Retirement Income Planning

retirement income planning

Retirement Income Planning

November, 2020

By: Jeff Headrick, Financial Advisor

Retirement income planning is an important part of preparing for retirement. The amount of income you will need, as well as when and where to withdraw it from, can be one of the hardest tasks in financial planning.

For simplicity, we will examine three key steps to retirement income planning.  

Retirement Income Planning and Social Security

The first step in retirement income planning is to understand social security. You need to determine how much social security you are eligible for, and when to "turn it on." 

Most of the time it is beneficial to wait until you are at full retirement age, which is typically age 66 or age 67.

To receive a detailed report of your social security, simply go to the social security administration link below and sign up to get an update of your options:

Create Your Own Personal Social Security Account Today

If you would like to visit the social security administration offices in your city such as Wilmington, Raleigh, or Charlotte, NC, visit the link below for their location and hours of operation. 

North Carolina Social Security Administration

Retirement Income Planning and your IRA/401(k)

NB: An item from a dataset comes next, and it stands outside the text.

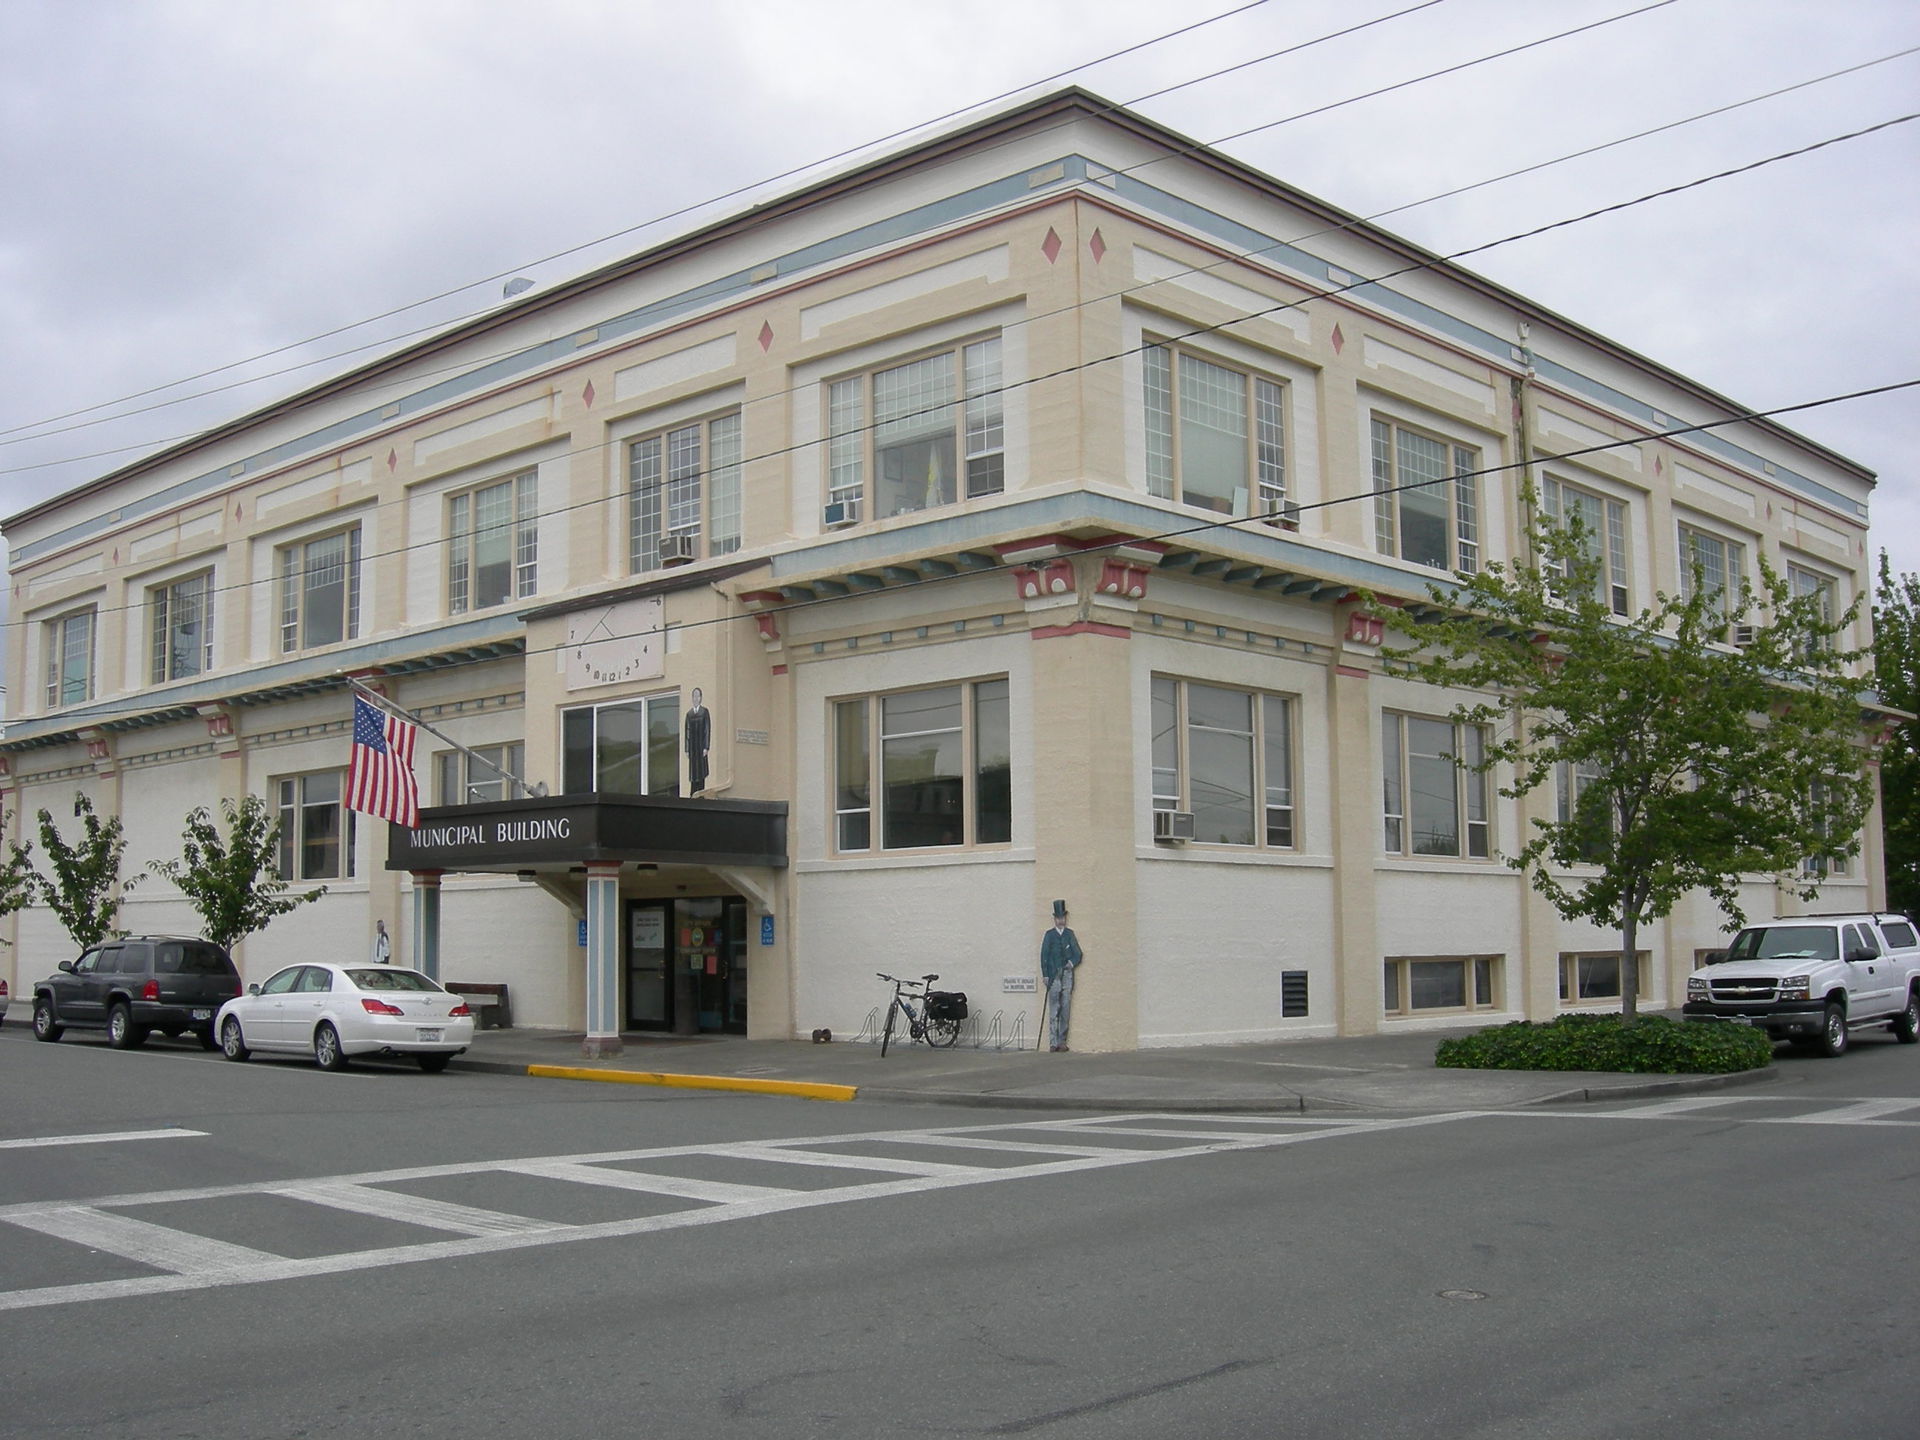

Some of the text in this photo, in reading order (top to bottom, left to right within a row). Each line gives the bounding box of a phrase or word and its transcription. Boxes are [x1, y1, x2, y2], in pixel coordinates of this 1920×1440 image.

The second step in retirement income planning is to determine withdrawal options on your Individual Retirement Account (IRA).

You cannot draw on these accounts without penalty until 59 1/2. Further, you must begin to withdraw funds no later than age 70 and 1/2.

If you do not, you will be penalized substantially. So, there are a lot of rules that you need to be aware of.

Final Step of Retirement Income Planning

Once you are up to speed on your social security and IRA options, it's time to determine how much money you will need per month.

Many experts say that 80% of your pre-retirement income is a place to start, however, I have found that the actual amount is usually less then this. 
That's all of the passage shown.